After Gimei’s fourth month, his ability to carry out his task was put to test when he was given a very fierce dog called Rasco to handle. His role was to teach the dog basic obedience-such as, sit stay, heel and come- by their handlers, under his supervision. He also worked on the more demanding training tasks of tracking, searching, attacking and bite work with a South African instructor called Brigitta Marilez.
“Marilez told me that the dog was going to be under my supervision. It felt scary because it was a new huge and fierce looking dog. I had to get used to it by taking it in and out of its kennel daily. One day, while she was training the dog with other handlers, she started whipping it as that is part of the training for an attacking dog. Unfortunately, Rasco became aggressive and wanted to go after her. She screamed in fear begging me to hold the dog tightly,” he adds.
The dog then turned to Gimei and sunk its teeth in his leg which caused him a terrible illness that lasted a fortnight.
Gimei thought of quitting his job but his passion could not hold him back.

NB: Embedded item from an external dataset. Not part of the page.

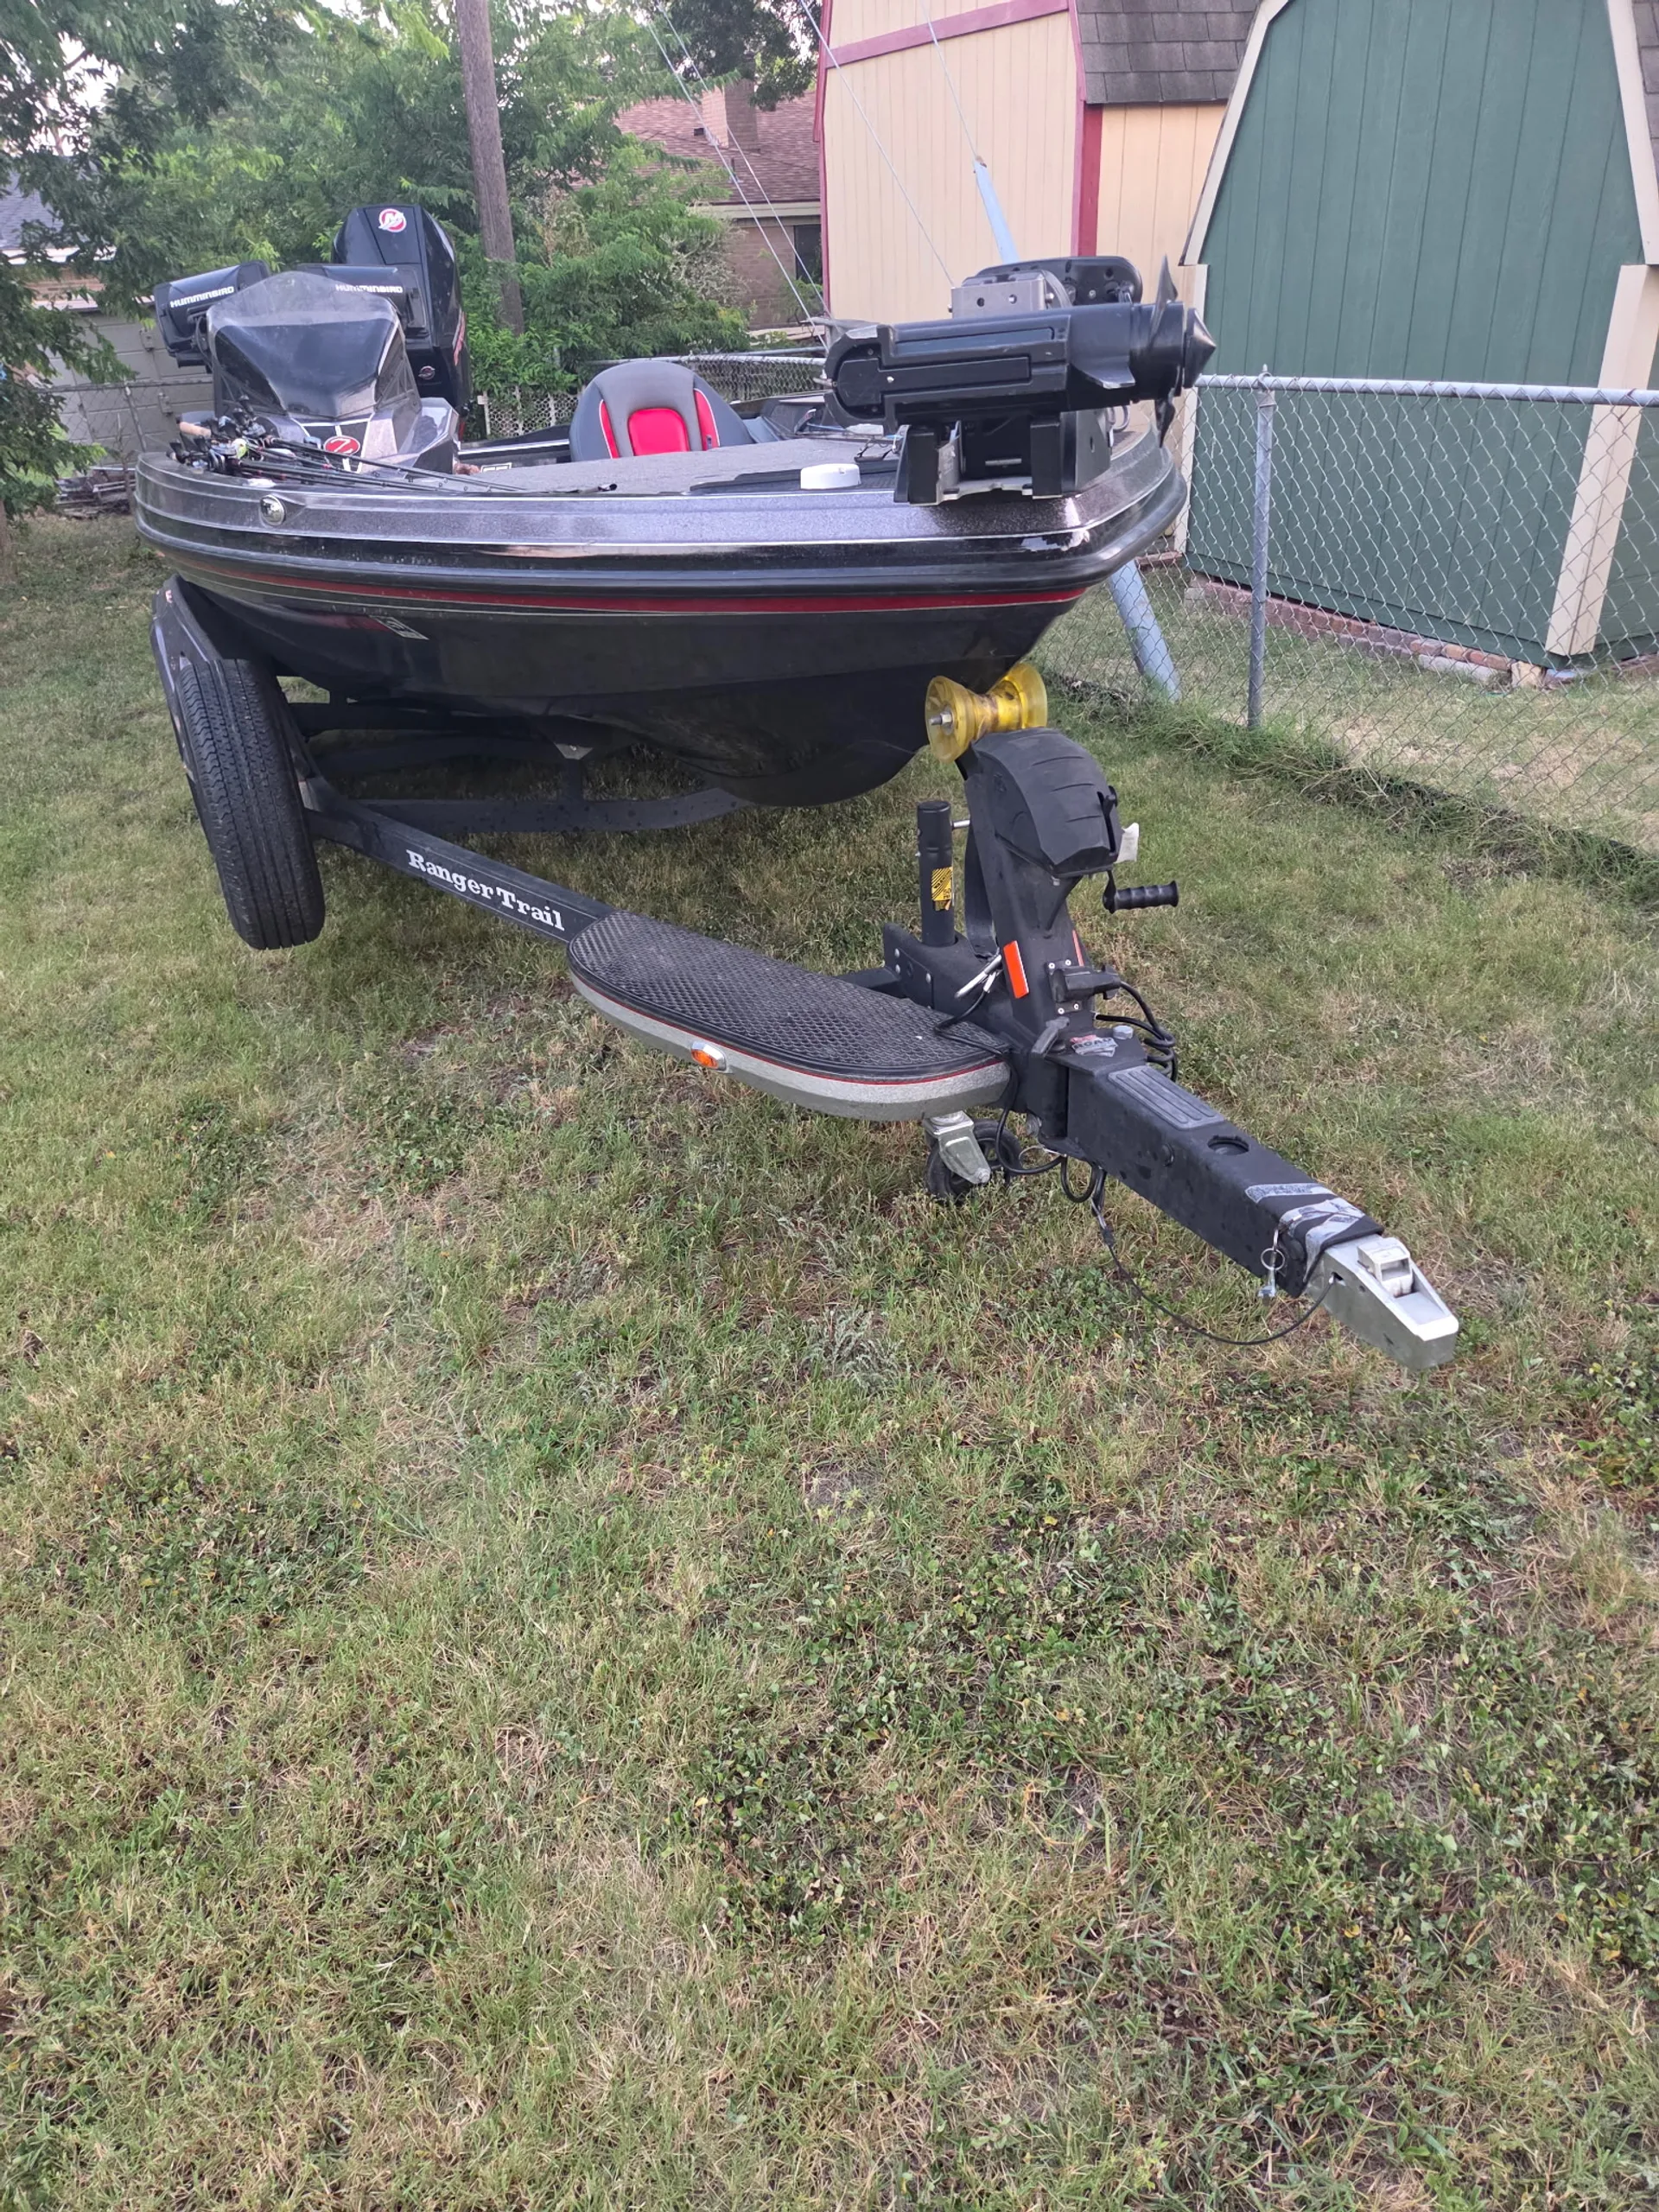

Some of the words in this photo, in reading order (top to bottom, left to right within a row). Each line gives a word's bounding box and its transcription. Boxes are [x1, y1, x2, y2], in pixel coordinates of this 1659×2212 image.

“When I resumed work Horn called me to his office and gave me compensation as well as handed me a promotion letter to an assistant supervisor. Excited, I worked extra hard. In 2000, the company got a contract with a Tanzanian based organisation called Ashanti Gold Mine. The then project manager of that company, who was also South African relocated to Uganda. Horn had recommended me to him. The gold mine had about 15 dogs but every night thieves would break in and steal gold from 50 to 60 containers and I was now known by top companies as an efficient handler,” he explains.
After about a week Gimei left for Tanzania. From there, his life took a new trend. He was assigned as a project manager in-charge of the container terminal. “I went with Rasco and in a few days, the Ama Group of Companies now known as G4S imported 32 more dogs to disperse at Ashanti. The gold mine director gathered all the workers at the terminal to see the training that I was going to give the dogs. I used Rasco for demonstration and everyone got frightened. From that night there was no single container that was broken into. I worked for Ama Group of companies for eight months,” he says.
Gimei was called back to Uganda as an overall supervisor for BRZ Company Limited but life was not so smooth for him. His superiors looked at him as a threat to their jobs. “The director called for an urgent meeting where she cleared the air that I was but a fellow worker. Most of them stopped perceiving me as a threat. My boss also asked me to go to Northern Uganda after the war to do demining courses which I did,” says Gimei.
Going to Iraq
In 2002, when the American army invaded Iraq they needed professional dog handlers to help them in detecting explosives using sniff dogs. Fortunately, Gimei was recruited among the few lucky professional dog handlers from Uganda.
“But I was a bit hesitant because of the kind of situation in Iraq though the pay was handsome. I had to compromise between dying a poor man or making an extra buck. I took a chance. We first left for Dubai for two weeks to calm down the anxiety. After two weeks, we were told to get ready for Baghdad, Iraq and everybody froze because we knew time for our death had approached,” narrates Gimei. Finally we went to a crisis area.